Moreover, what’s interesting about this optimism, and what saves it from being the simple expression of a hopeless romantic or slimy lecher, is that it’s bound up with the use of psychedelics and other mind-altering substances. Throughout In My World, the avowals of undying affection are often couched in terms of epiphany and transcendence, of finding the “key” to “unlock” your “soul” (“In My World”), and of surrendering to the “hours and minutes/ That allow us to get down with infinity” (“Next to You Always”). Hypnagogic motifs crop up in potential centerpiece “Artforms,” with its Delphian fingerpickings and exalted credo of “I’m feeling all the artforms start to blend/ I feel as if the world may never end,” and through this everything-becomes-one imagery, there emerges a continuity between the album’s enchanted sentimentality and Matthewdavid’s earlier psychedelic output, one that dissolves the purported dichotomy between the two. That is, the twitchy come-hither streams of “The Mood is Right” and the glow-synth quadruplets of “Singing Flats” course toward the same evaporation of self that was pursued by the likes of 2013’s Mindflight, 2012’s Disk II, and 2011’s Outmind, with the sole difference being that they seek to do so in the embrace of another rather than in the embrace of psilocybin or LSD.
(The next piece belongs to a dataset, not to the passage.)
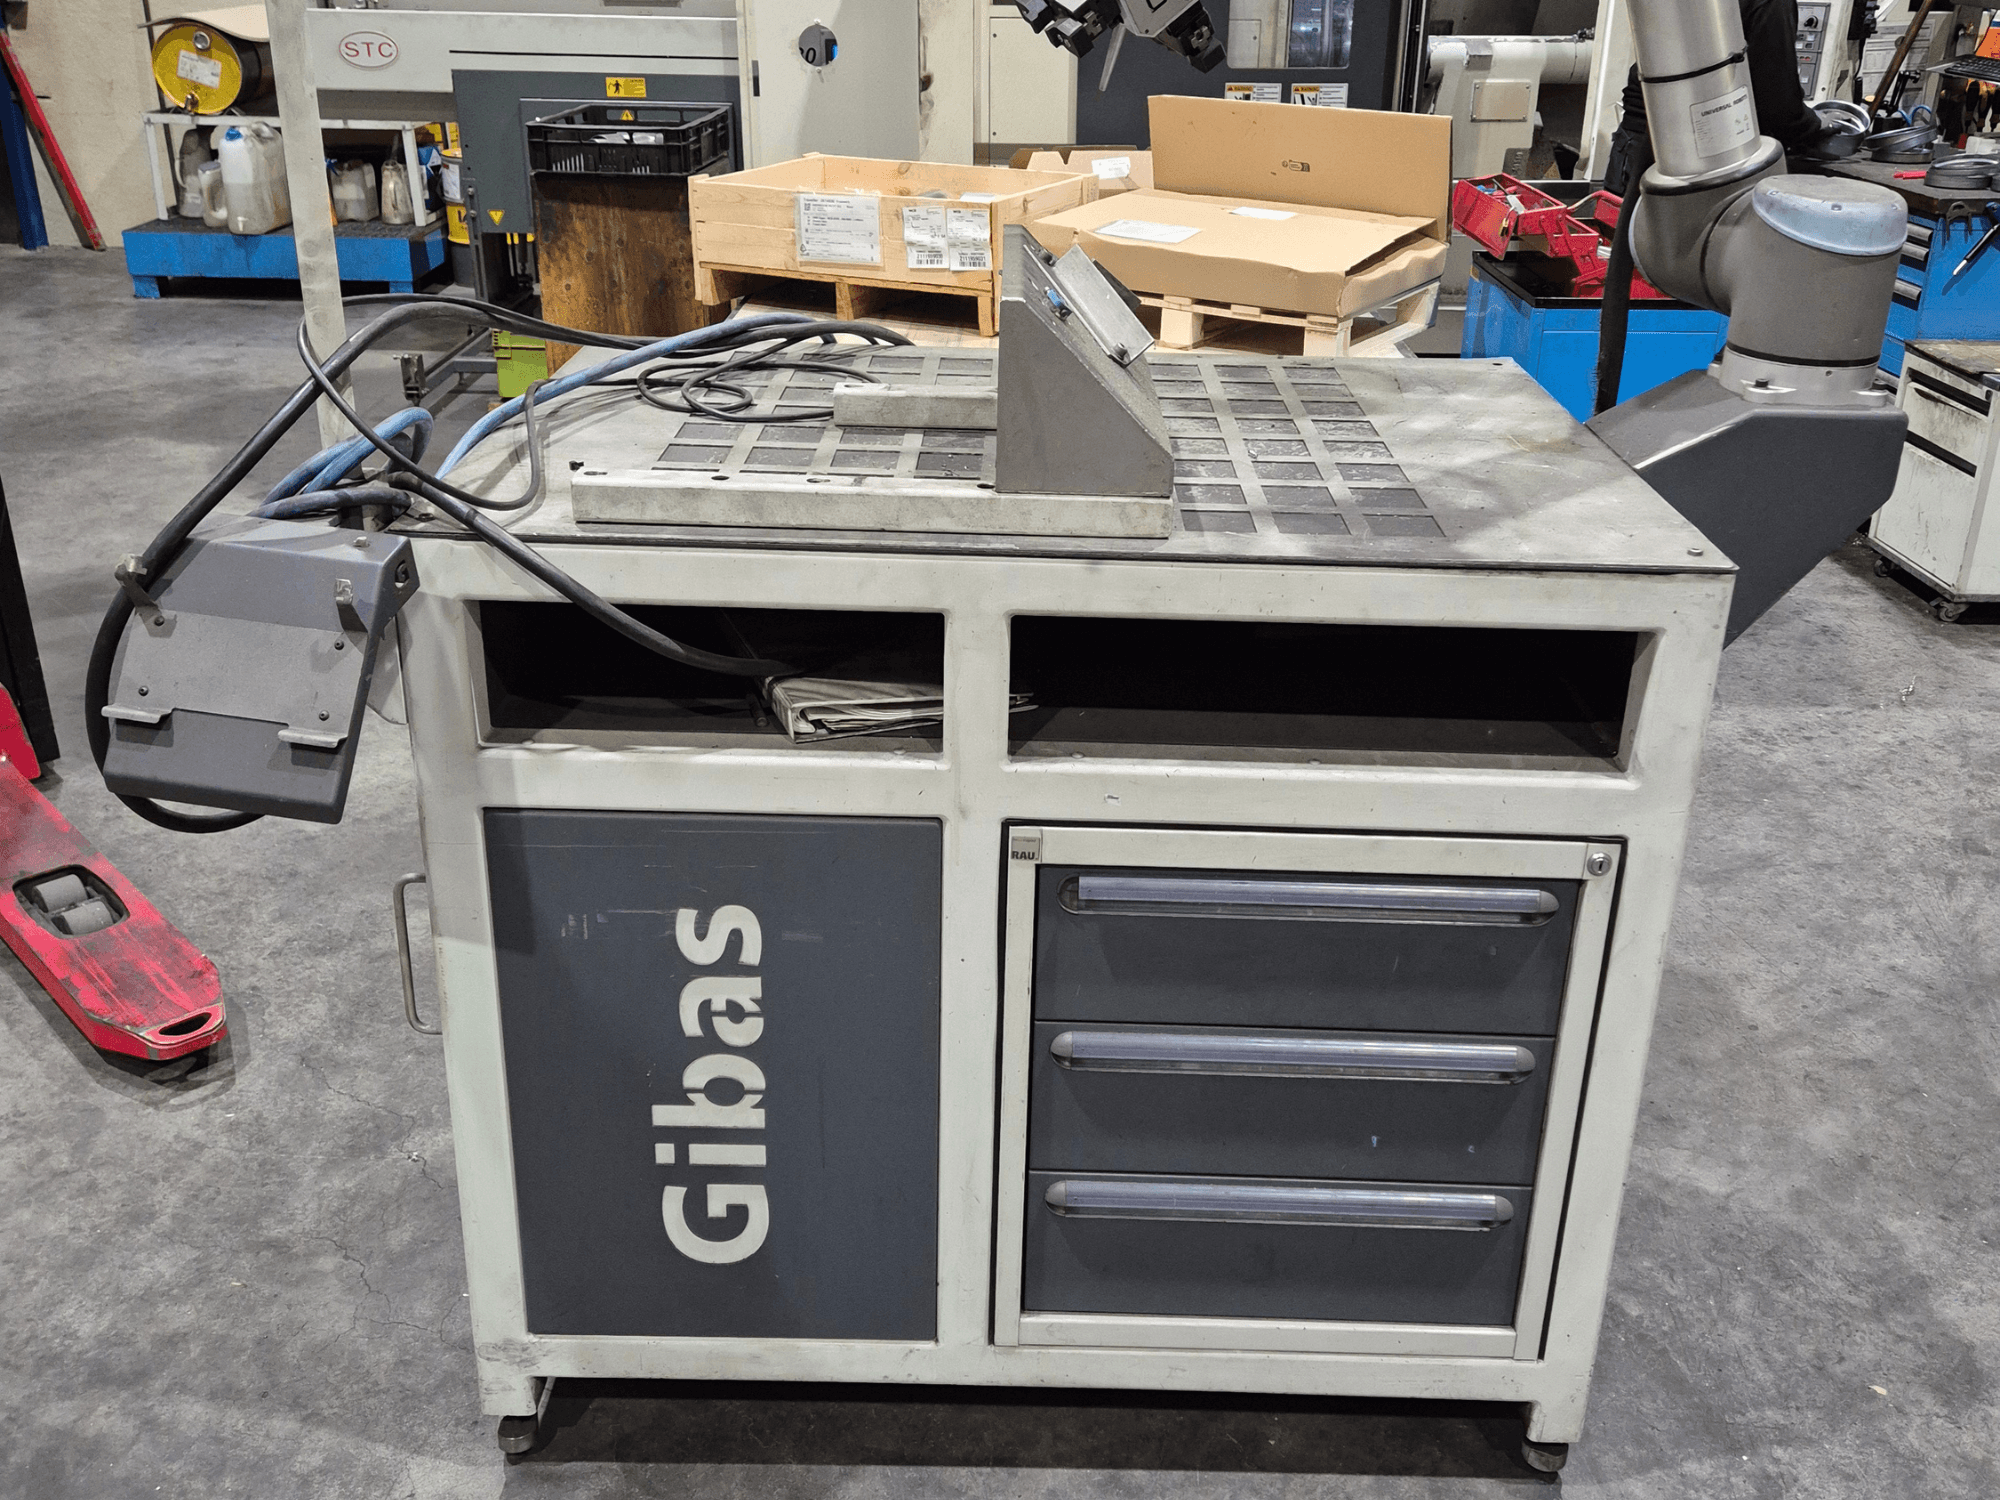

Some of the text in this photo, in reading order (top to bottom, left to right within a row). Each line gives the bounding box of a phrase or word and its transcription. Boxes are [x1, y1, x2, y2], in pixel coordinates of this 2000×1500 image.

[344, 41, 393, 58] STC
[1701, 102, 1732, 117] UNIVERSAL
[651, 904, 770, 1264] Gibas
This affinity between the altered states of drug use and of love isn’t new, but regardless, Matthewdavid merges the pair with an ingenuity that compensates for In My World’s often saccharine endearments. Yet even with this marriage, and even with McQueen’s adroit knack for revitalizing his antique appropriations with clever inflections and counter-intuitive structures, some will find the album’s often starry-eyed nature vaguely overdone, and it’s this more than anything else that will turn them off. However, for those who fall weak at the knees when the strains of R&B, soul, and hip-hop hit their ears, even in an idiosyncratically distorted form, the post-millennial quotations and evolutions of “In My World” will be love at first listen.